■ WORK TASK: Write out each line of the material exactly as given, and drop the images.

DATASET START

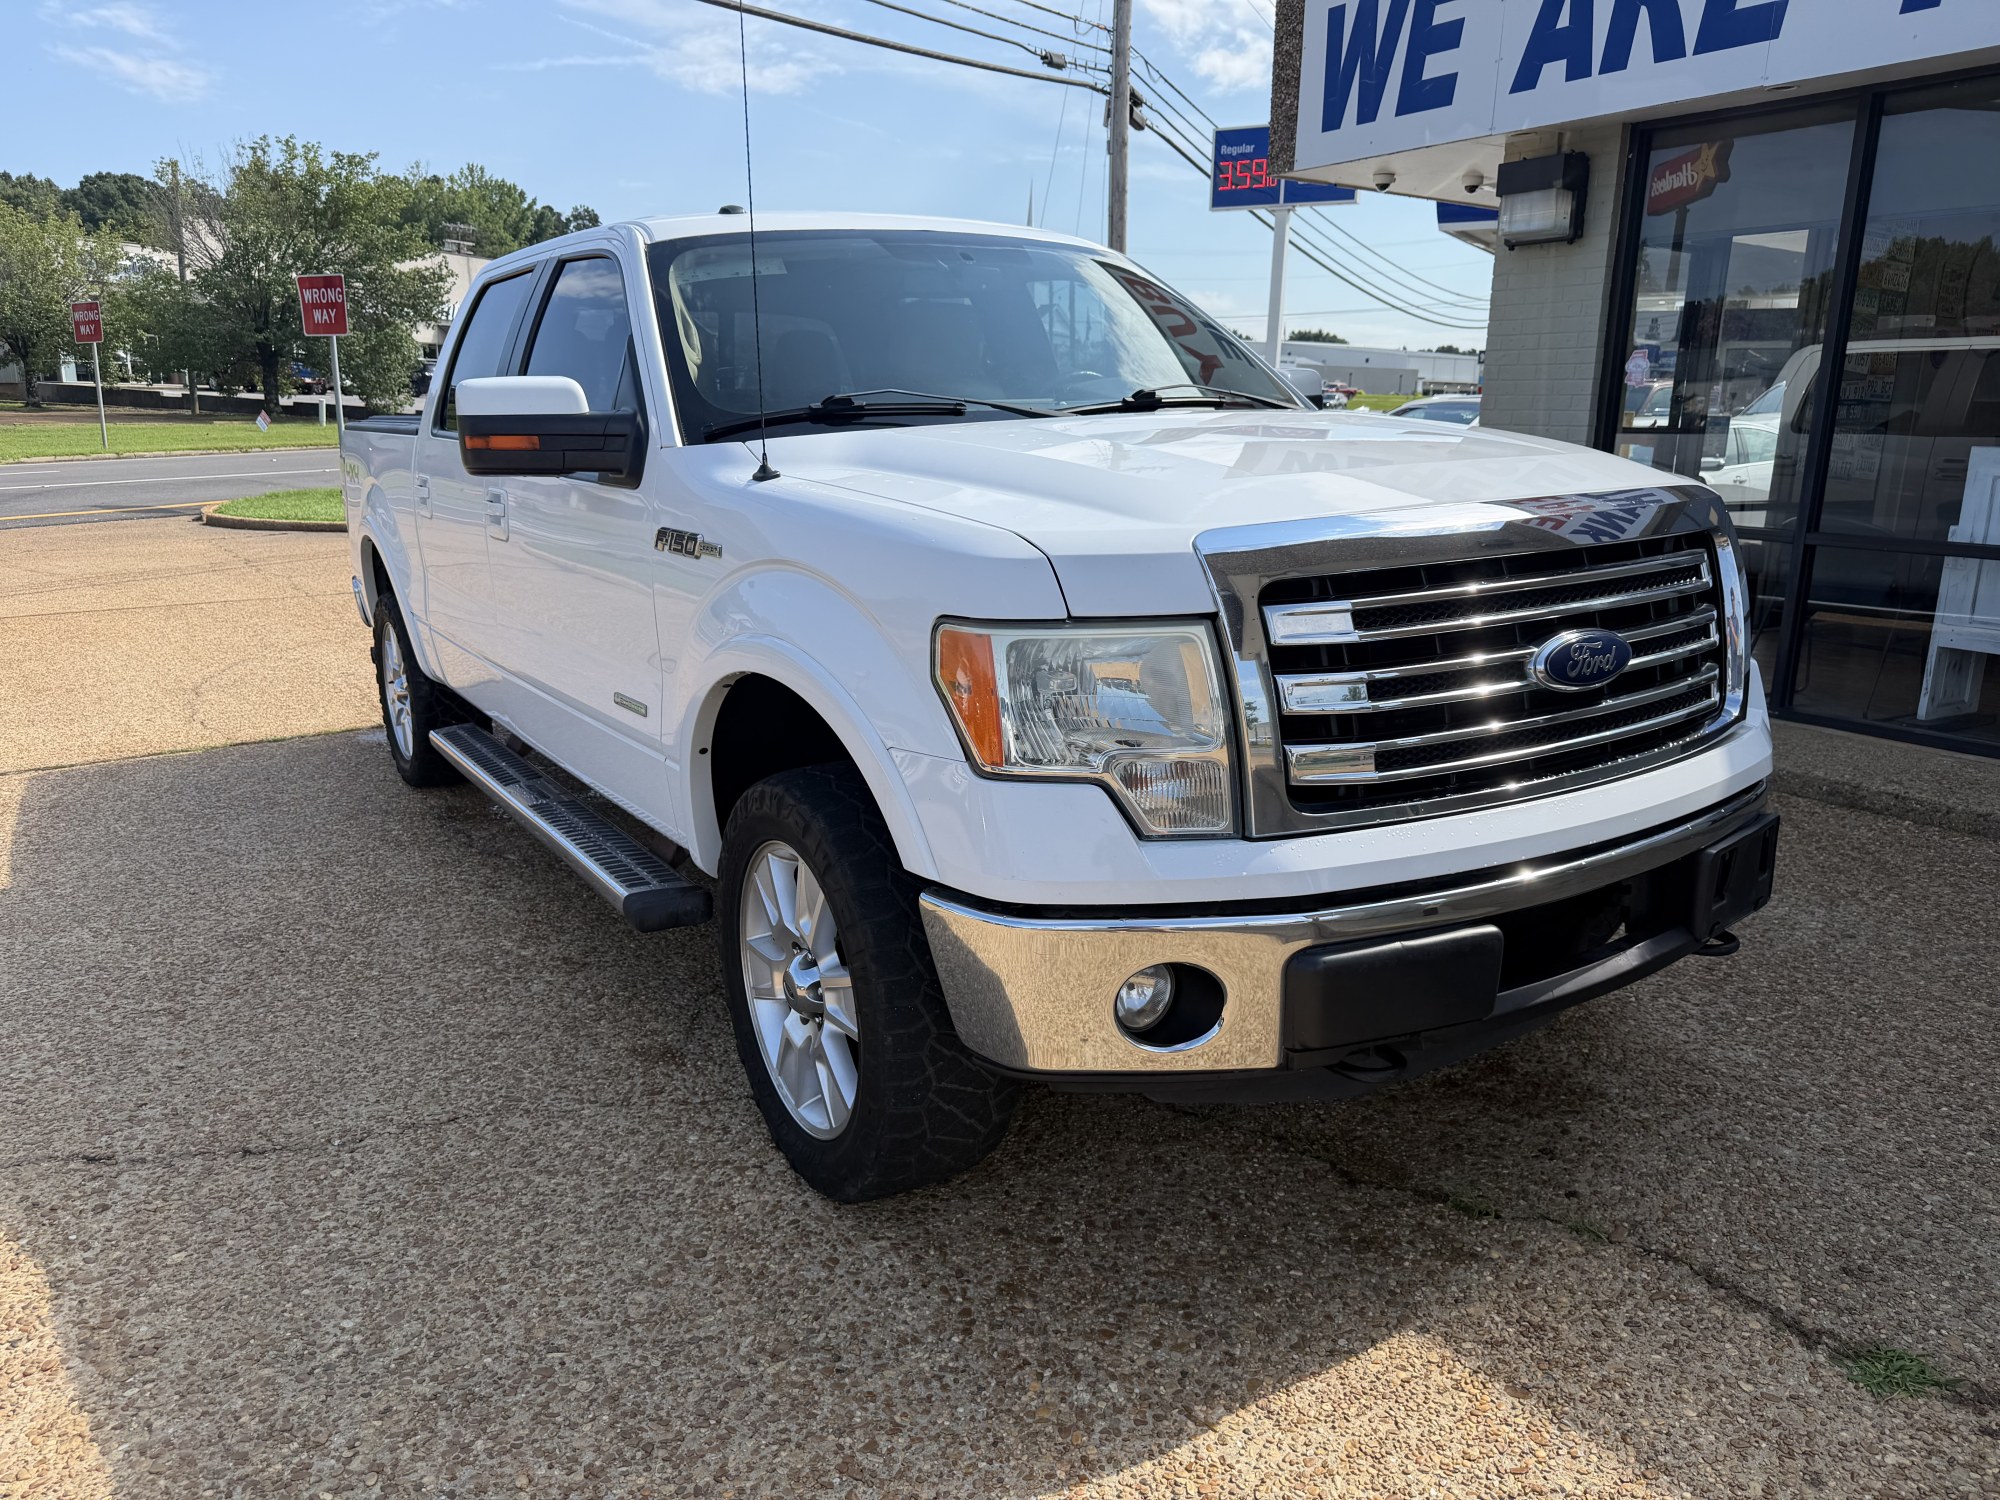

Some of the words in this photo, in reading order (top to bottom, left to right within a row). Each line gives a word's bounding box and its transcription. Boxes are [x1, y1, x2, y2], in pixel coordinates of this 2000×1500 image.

[1321, 0, 1466, 132] WE
[1221, 143, 1255, 156] Regular
[303, 287, 343, 304] WRONG
[73, 310, 99, 322] WRONG
[312, 308, 337, 324] WAY
[79, 324, 95, 336] WAY
[1566, 641, 1617, 678] Ford
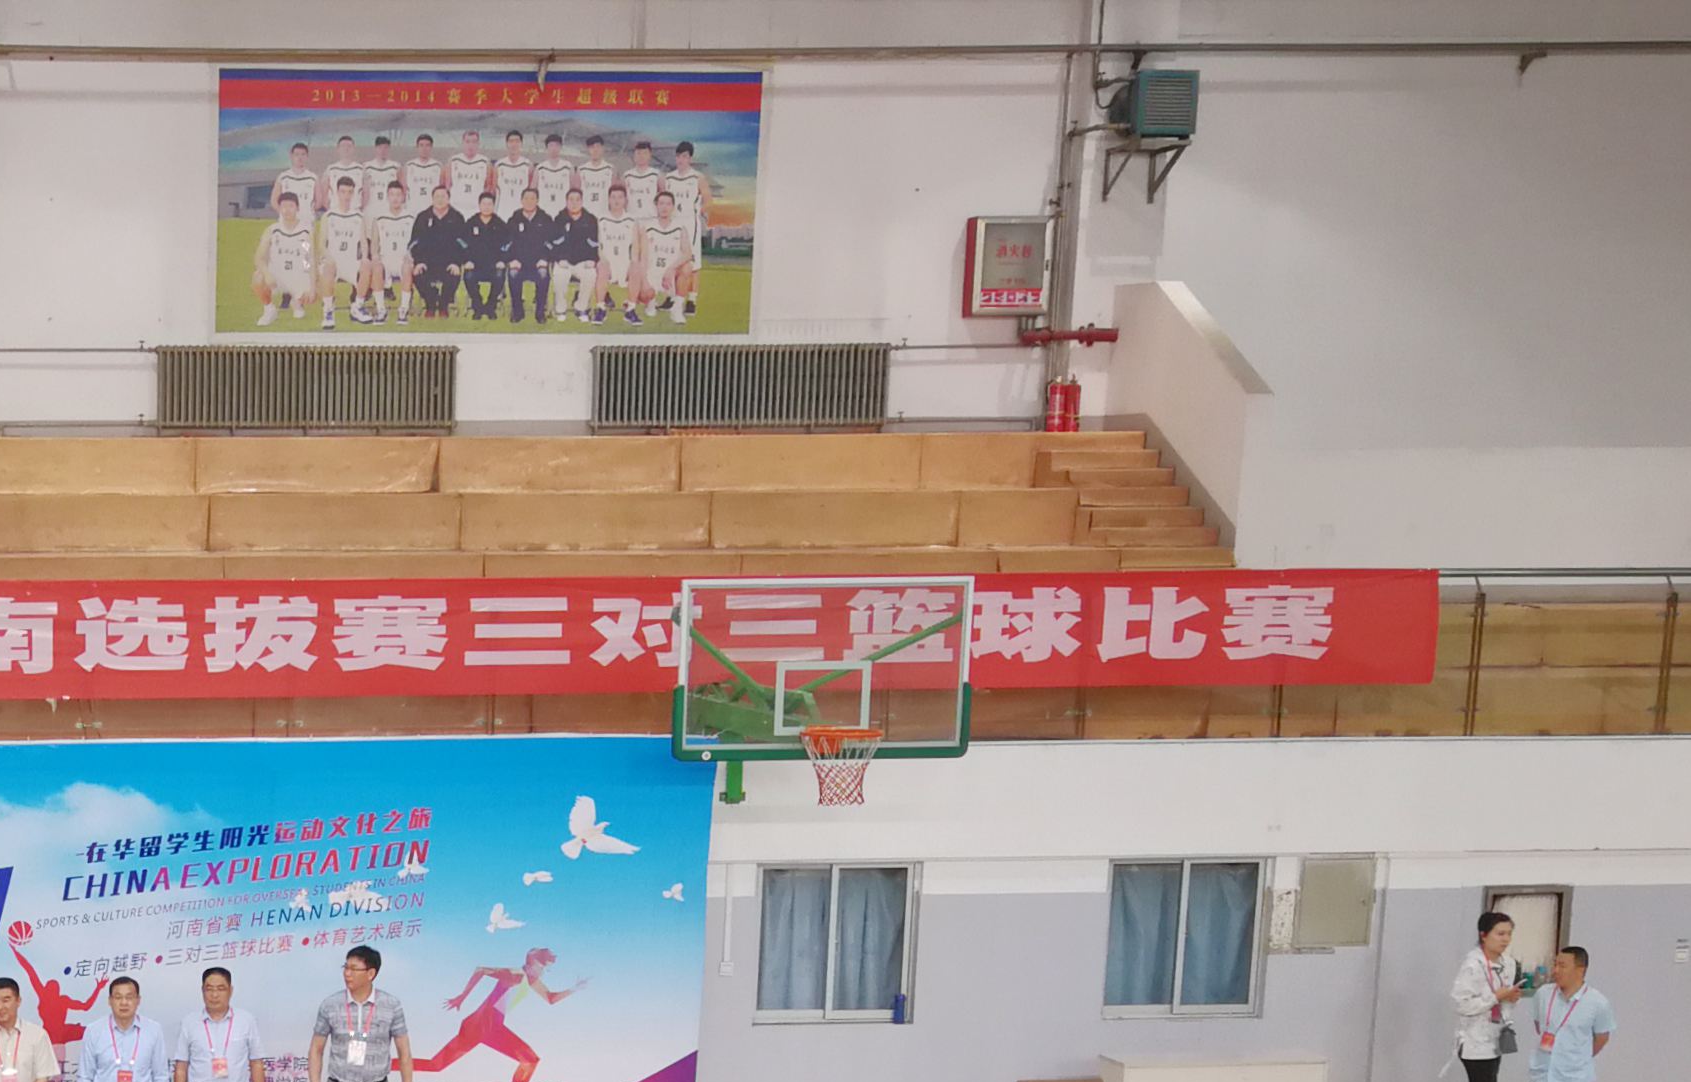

DATASET END

■ SOLUTION FOR THIS EXERCISE:
Some of the words in this photo, in reading order (top to bottom, left to right within a row). Each line gives a word's bounding box and its transcription. Boxes are [x1, y1, x2, y2], in pixel coordinates of this 2000×1500 image.

[1321, 0, 1466, 132] WE
[1221, 143, 1255, 156] Regular
[303, 287, 343, 304] WRONG
[73, 310, 99, 322] WRONG
[312, 308, 337, 324] WAY
[79, 324, 95, 336] WAY
[1566, 641, 1617, 678] Ford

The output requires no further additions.